Here are some records; quote them exactly, leaving out the pictures.
START DATA IN THIS EXERCISE
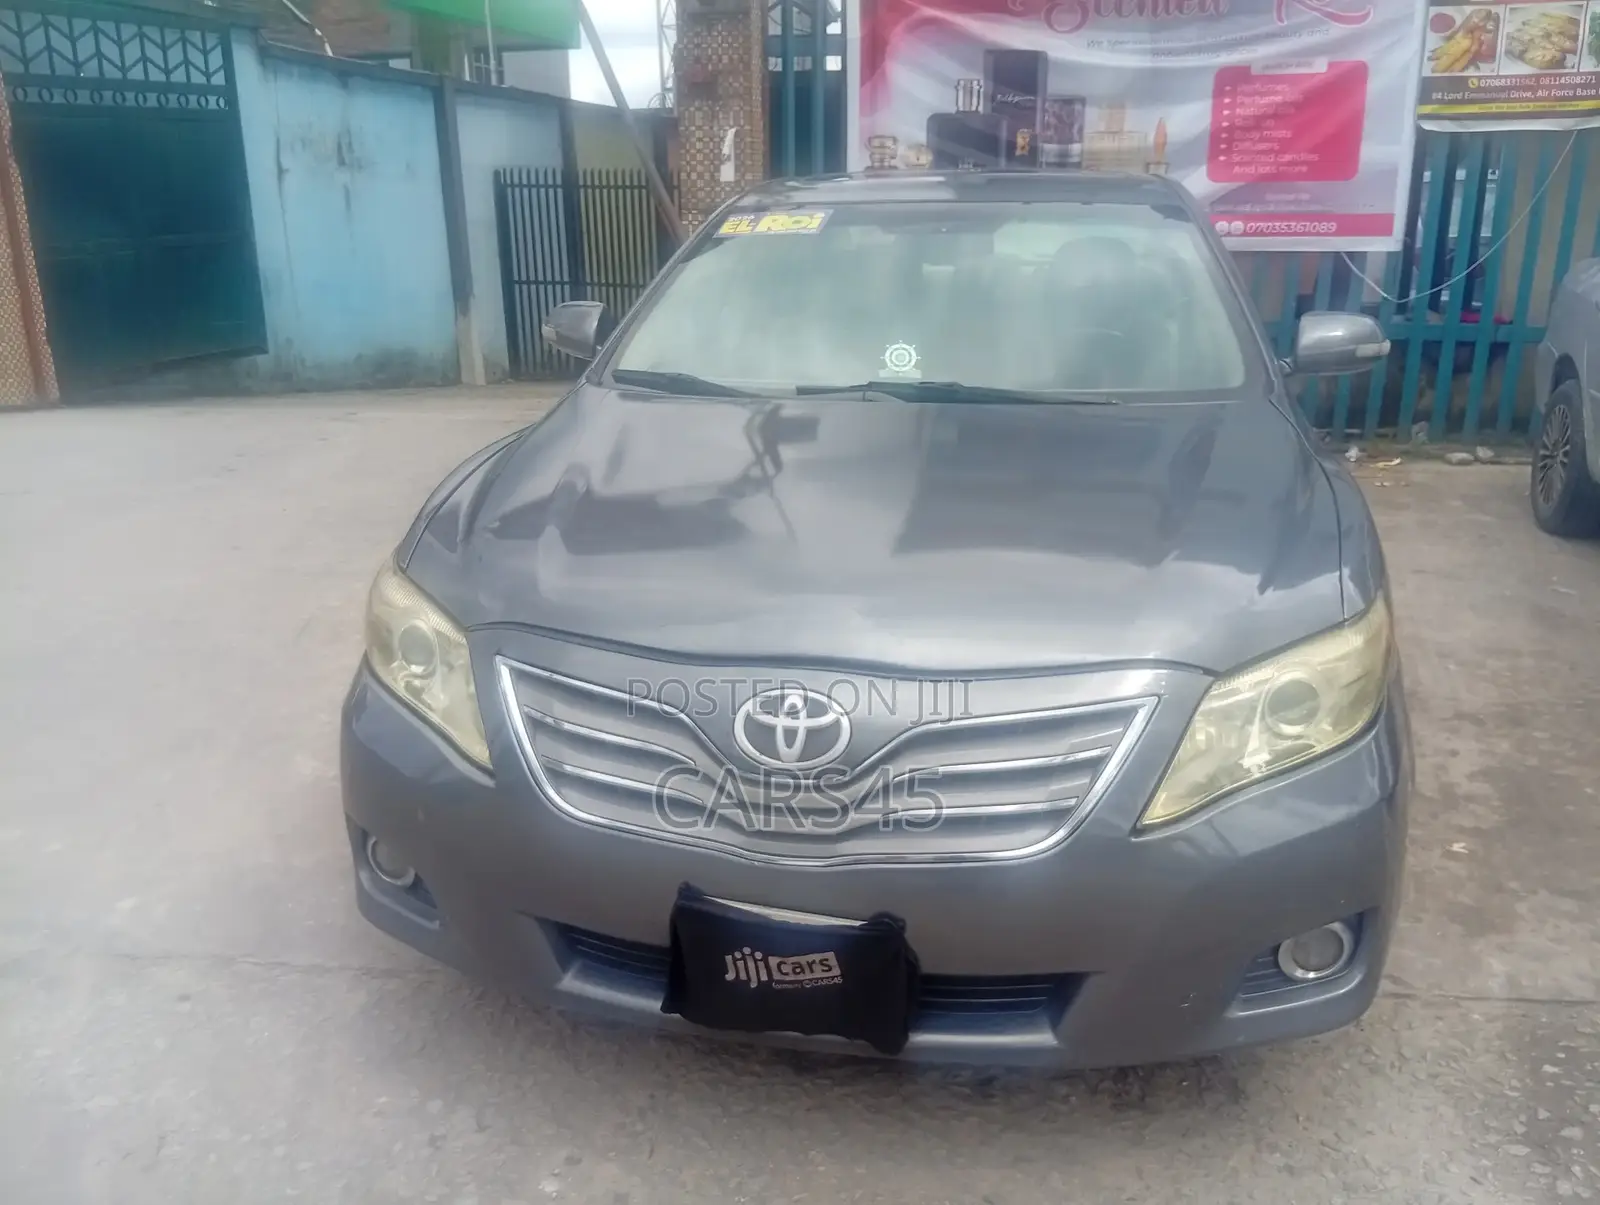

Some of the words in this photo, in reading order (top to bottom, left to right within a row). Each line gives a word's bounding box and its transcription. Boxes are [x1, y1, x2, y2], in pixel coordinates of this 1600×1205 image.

[1510, 90, 1535, 99] Drive,
[1551, 89, 1574, 97] Force
[1576, 87, 1597, 96] Base
[776, 956, 833, 977] cars
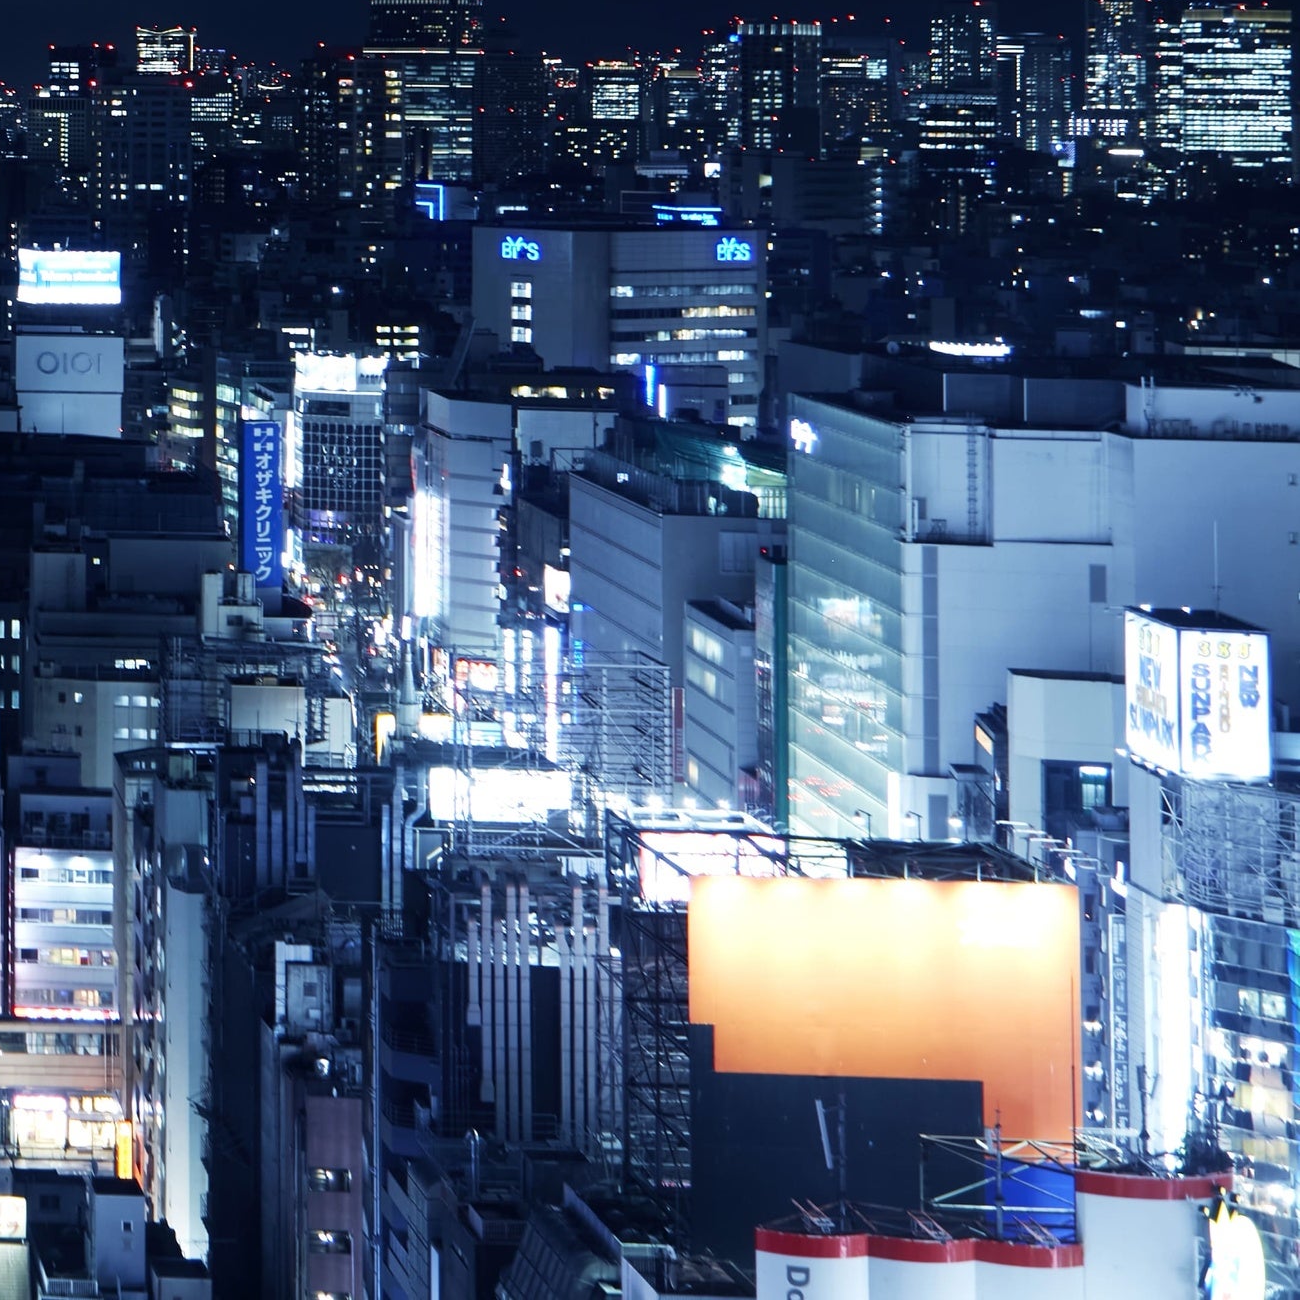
END DATA IN THIS EXERCISE
WRITTEN RESPONSE:
Some of the words in this photo, in reading order (top to bottom, left to right within a row). Each line gives a word's bounding box and its transcription. Boxes are [x1, y1, x2, y2], in pixel coordinates of this 1600×1205 image.

[1510, 90, 1535, 99] Drive,
[1551, 89, 1574, 97] Force
[1576, 87, 1597, 96] Base
[776, 956, 833, 977] cars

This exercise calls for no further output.